African violet is not only one of the easiest plants to grow, it also is one of the easiest to multiply, and in so many ways.

Consider multiplying any African violet that has called the same pot home for a long time. An old plant cramped into a pot just won't flower well.

One will get you two, or more
The easiest way to make one old African violet into two or more new ones is merely to divide the stems and roots. Tip a plant out of its pot and slice right through the plant and soil with a sharp knife taking some stem with each part.

Now you have two plants. Do it again if the stem has enough branches. Plant the pieces each in their own pots with fresh potting soil, and they will soon begin to grow, then flower.
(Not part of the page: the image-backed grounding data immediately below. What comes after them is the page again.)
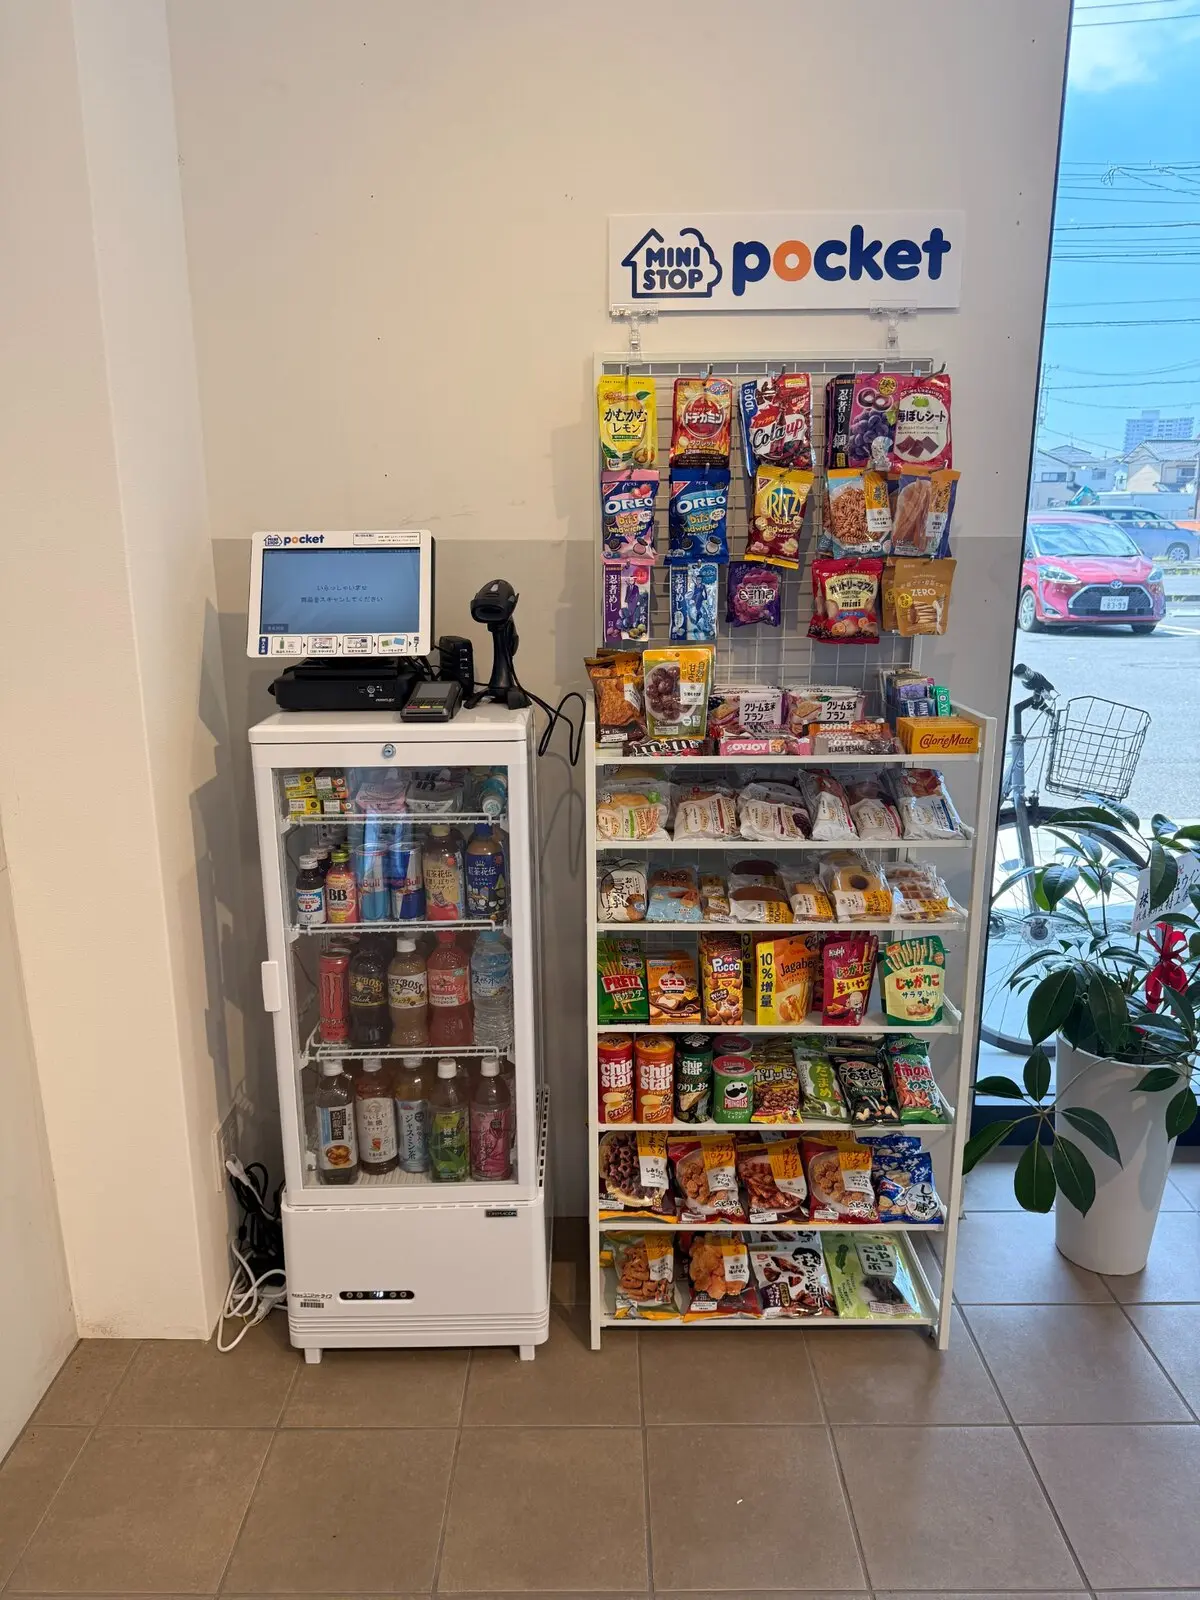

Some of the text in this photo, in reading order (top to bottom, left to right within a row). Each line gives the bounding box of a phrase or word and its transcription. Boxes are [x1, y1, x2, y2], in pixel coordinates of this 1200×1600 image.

[645, 246, 701, 268] MINI
[732, 224, 952, 297] pocket
[643, 268, 704, 290] STOP
[604, 408, 648, 423] かむかむ
[684, 411, 723, 424] ドデカミン
[613, 423, 641, 433] レモン
[753, 423, 786, 448] Cola
[785, 417, 804, 434] up
[605, 498, 653, 515] OREO
[676, 496, 727, 515] OREO
[768, 490, 801, 519] RITZ
[690, 513, 709, 525] bits
[283, 534, 325, 546] pocket
[608, 574, 618, 611] 忍者めし
[675, 573, 684, 611] 忍者めし
[829, 580, 875, 595] カントリーマアム
[911, 588, 937, 597] ZERO
[841, 599, 861, 608] mini
[744, 702, 775, 712] クリーム玄米
[826, 701, 857, 710] クリーム玄米
[744, 712, 764, 721] ブラン
[826, 711, 846, 720] ブラン
[919, 733, 974, 749] CalorieMate
[329, 889, 348, 901] BB
[711, 957, 740, 972] Pucca
[780, 956, 816, 977] Jagabee
[836, 961, 871, 978] じゃがりこ
[400, 978, 424, 995] BOSS
[603, 976, 641, 991] PRETZ
[660, 978, 685, 987] ビスコ
[895, 972, 940, 990] じゃがりこ
[901, 991, 924, 1000] サラダ
[601, 1058, 632, 1075] chip
[640, 1063, 673, 1079] chip
[682, 1060, 703, 1071] chip
[682, 1066, 704, 1076] star
[601, 1073, 633, 1088] star
[640, 1075, 673, 1091] star
[724, 1097, 748, 1109] PRINGLES
[405, 1113, 416, 1160] ジャスミン茶
But you don't really have to be so brutal with a mother plant to make new plants. Just pulling off a leaf here and there will also do the trick.

Just a leaf is enough
The easiest way to use an African violet leaf to make new plants is to pull off a leaf and stick its stalk into some potting soil. In a few weeks, new plants will poke up through the soil where the leaf was inserted.

Another way to use an African violet leaf for propagation is to cut off its far half, then stick its cut end down into potting soil. This time, in a few weeks, new plants will appear all along the cut edge.

Yet another way is to cut off an African violet leaf and lay it bottom side down on top of some potting soil. Once the leaf is down, use a sharp knife to make some cuts across the main veins. Then lay some pebbles on top of the leaf so its surfaces remain in contact with the soil.

A new plant should appear at each scored point.

Rooting leaves have needs
These methods share features in common besides starting out with leaves.
First of all, don't use real soil; use a "potting soil" made from equal parts perlite and peat moss.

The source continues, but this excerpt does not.